UNFSS in Expert Hearing on international food standards – Berlin, Germany

Berlin urban garden

Frank Grothaus of the UNFSS support group attended this meeting, organized by the Joint Conference Church and Development (GKKE) – a joint Protestant-Catholic advocacy group in the area of development policy – on June 2nd, 2014 in Berlin, Germany. The objective of the expert hearing was to discuss the challenges and opportunities of international food standards – in particular private food standards – in the context of market participation of smallholder farmers, poverty eradication, food security and rural development from a wide range of perspectives. Apart from the UNFSS, participants included representatives from the government of Uganda/Uganda National Bureau of Standards (UNBS), the German Federal Ministry of Food and Agriculture (BMEL), standard setting organizations (GlobalGAP, Fairtrade International), Environmental Alert Uganda, the German food industry association, and academe.

To kick off the meeting, a GKKE discussion paper was presented highlighting the need for international food standards that are fairer, more inclusive and more sustainable in terms of their developmental contribution as well as the challenges arising for policy, economy and society towards achieving this end. The paper calls into question the primary focus on integration into export markets as a strategy in rural development programmes, which may force a large number of smallholder farmers in less developed countries who cannot cope with private standard certification, audit and documentation requirements to fall back on informal markets.
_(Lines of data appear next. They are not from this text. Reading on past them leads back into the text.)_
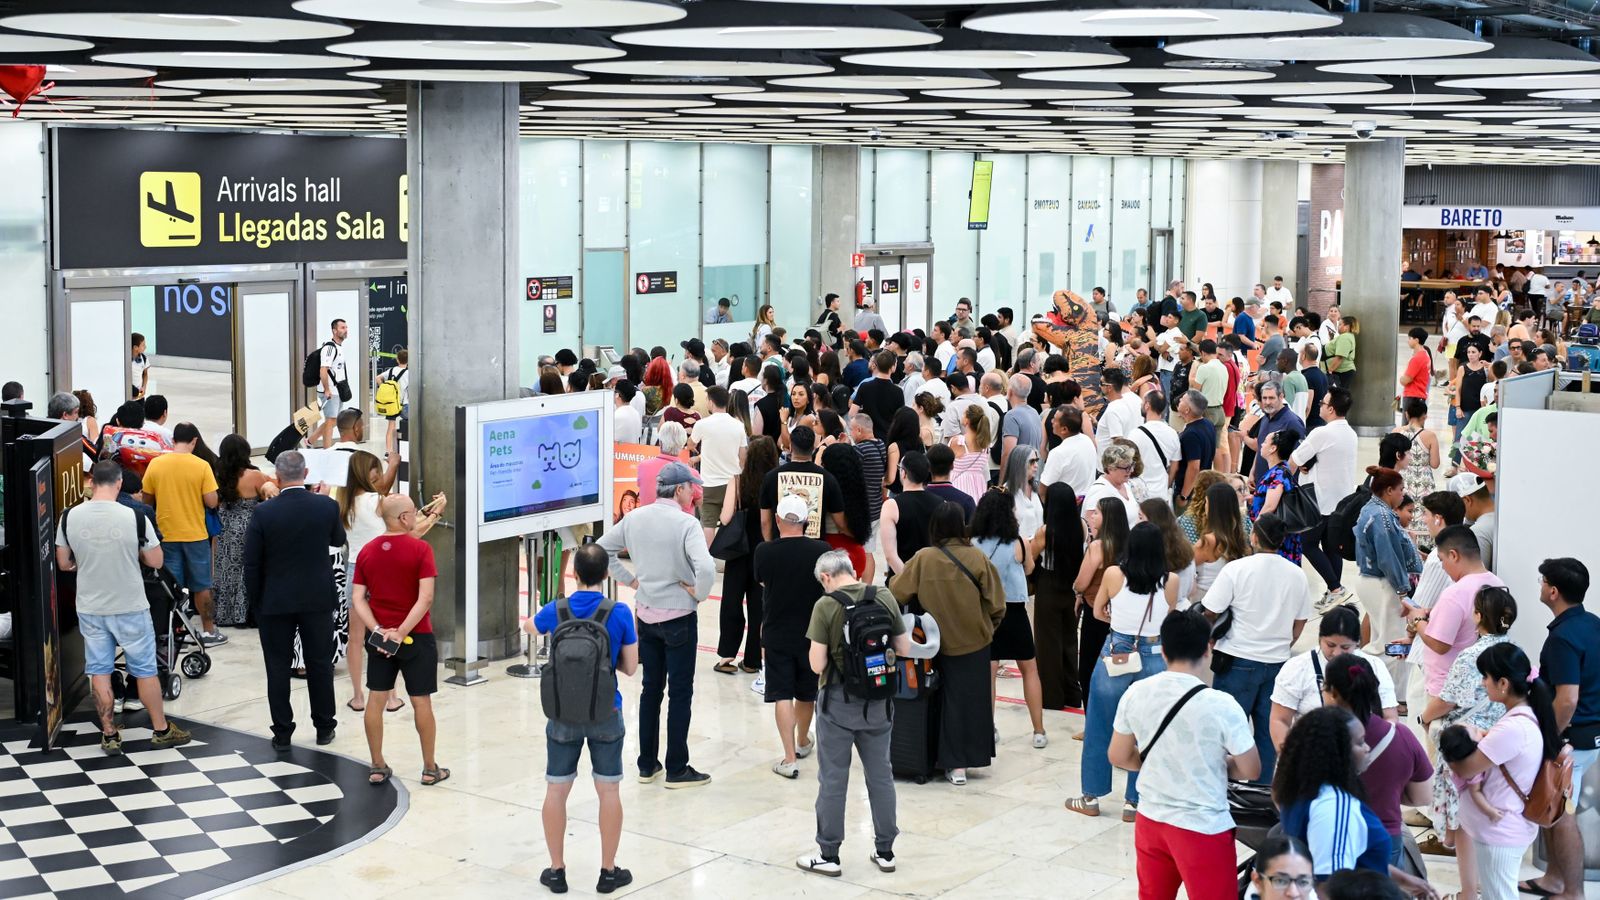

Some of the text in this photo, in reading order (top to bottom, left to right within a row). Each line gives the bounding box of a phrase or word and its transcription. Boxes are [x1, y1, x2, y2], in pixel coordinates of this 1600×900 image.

[217, 176, 340, 202] Arrivals hall
[1441, 208, 1502, 227] BARETO
[218, 211, 385, 248] Llegadas Sala
[164, 284, 203, 314] no
[489, 430, 516, 441] Aena
[489, 445, 513, 456] Pets
[780, 474, 822, 487] WANTED
[867, 665, 886, 674] PRESS
This trend of an increasing divide between food markets of the rich, supplied by standard-compliant production, and those of the poor threatens to hinder the improvement of food safety and food security in developing countries. Thus, global supply chains should be designed in a way that is pro-poor, the uncontrolled expansion and multiplicity of private standard schemes should be addressed, and these standards be put into the context of a coherent development policy.

Much of the discussion that followed centred on the apparent area of tension between export orientation – associated with concentration on specific cash crops as well as channelling of investment into these sectors – and broad-based sustainable development, i.e. how to develop private standard schemes, which are export-oriented by design, in a way that is inclusive, without watering down standards criteria to an extent that diminishes their impact and without compromising food security and the development of local markets. In this context, concern was voiced that the division of producers into those who enter international value chains and are supported by multinational companies and those that remain outside these chains could not only create one-sided dependencies but also put local farm structures and livelihoods at risk. A similar problem relates to the disproportionate distribution of benefits arising from new market opportunities between producers in countries with very different capacities in physical infrastructure and institutions.
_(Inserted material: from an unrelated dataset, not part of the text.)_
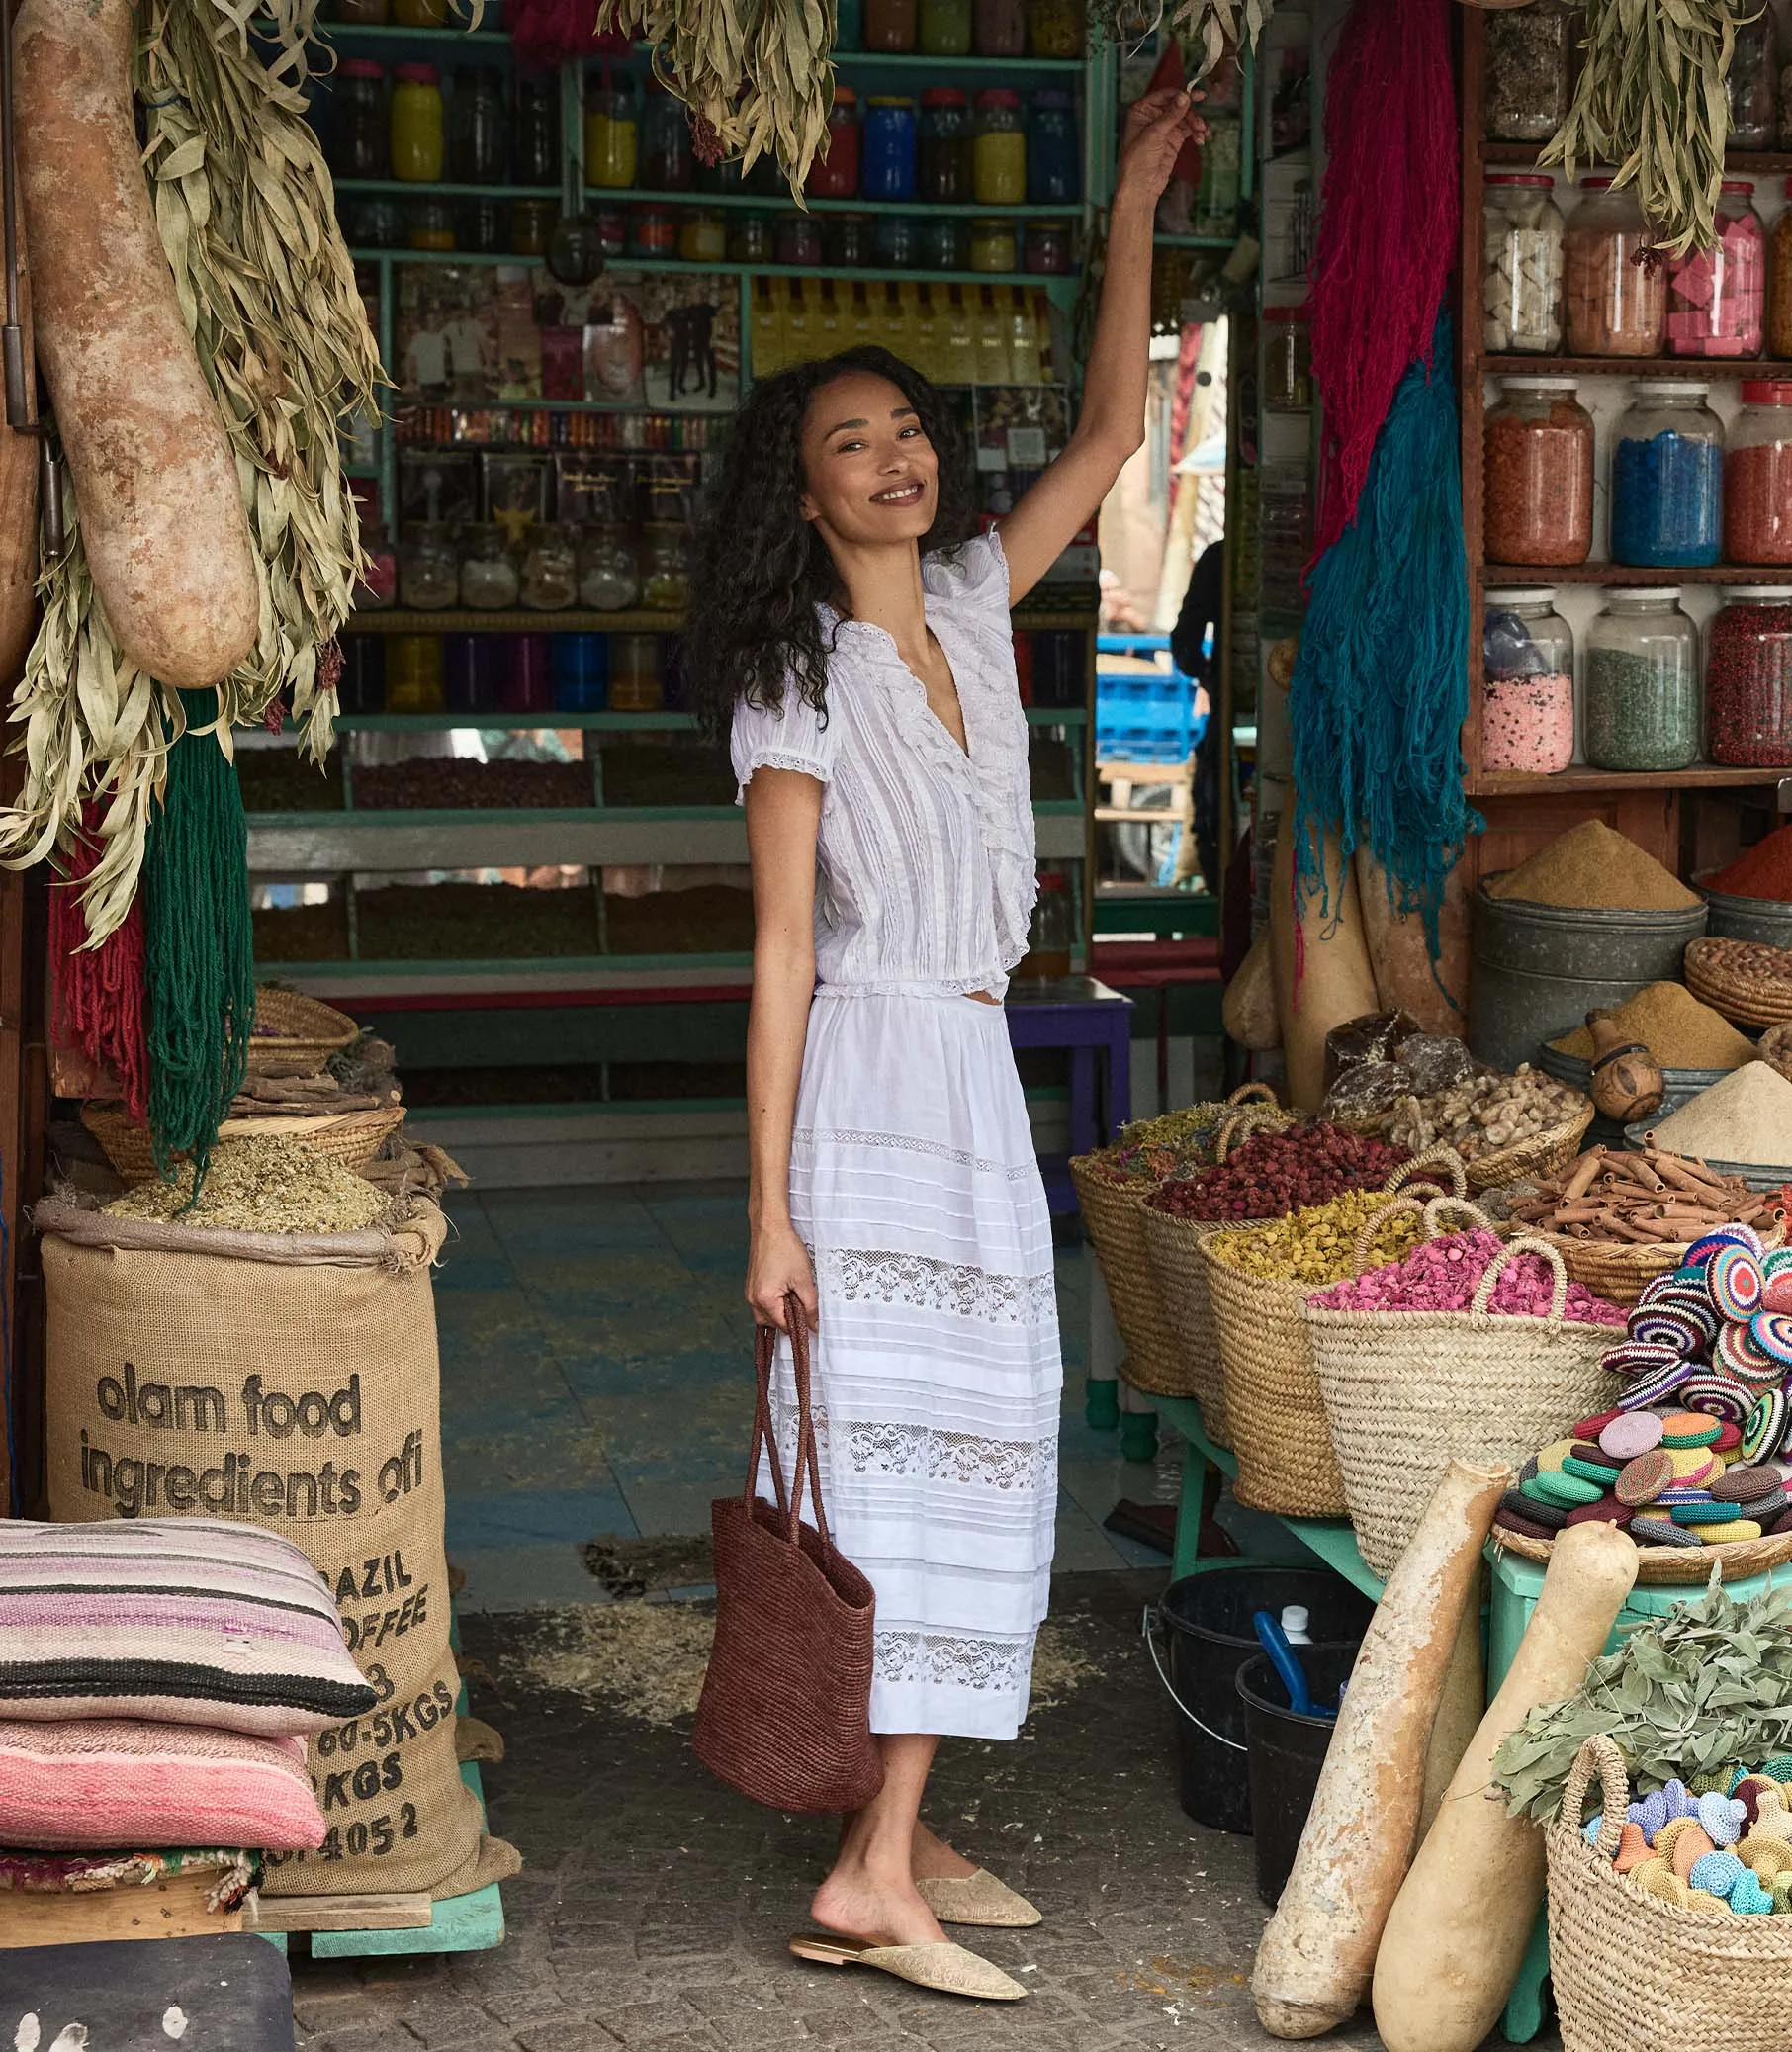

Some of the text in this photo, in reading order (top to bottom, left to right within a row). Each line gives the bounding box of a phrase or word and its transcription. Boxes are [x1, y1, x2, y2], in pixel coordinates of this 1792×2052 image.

[98, 1362, 361, 1439] olam food
[81, 1429, 422, 1518] ingredients ofi
[317, 1550, 412, 1604] AZIL
[312, 1752, 403, 1811] KGS
On the potential role of governments in the area of private food standards, views ranged from the opinion that developing country governments should play a stronger role, inter alia by proactively engaging in strategic policy development, by providing education, training and infrastructure to support small-scale producers to comply with standards, that they should engage in the effective usage of international standards in the country-specific context, their interpretation and implementation, to the view that governments should have a rather observing and moderating role. Furthermore, measures aimed at enhanced harmonisation and equivalence between standard schemes with overlapping criteria were deemed important.

Overall, private standards were acknowledged as potentially valuable instruments to prepare farmers in developing countries for entering international food markets and related supply chains and contribute to the achievement of development goals, if certain preconditions were fulfilled: Embedding of standards into a development framework and national development strategies; enhanced participation of developing countries in international standard-setting processes and their further development; better adaptation of standards and production process requirements to local contexts and market conditions reflecting the perspective and needs of small-scale producers; better monitoring of the impacts of private standards on the participation of developing countries in international trade; addressing imbalances in power-structures within supply chains and associated price pressure; in addition to appropriate financial and technical support for smallholder farmers.

In light of the complexity of the issues at hand, it is hoped that this meeting serves as a starting point for a longer-term exchange between private sector, government, development cooperation and NGOs on the complex topic of international food standards and related private sustainability standards and their impacts on smallholder farmers in developing countries.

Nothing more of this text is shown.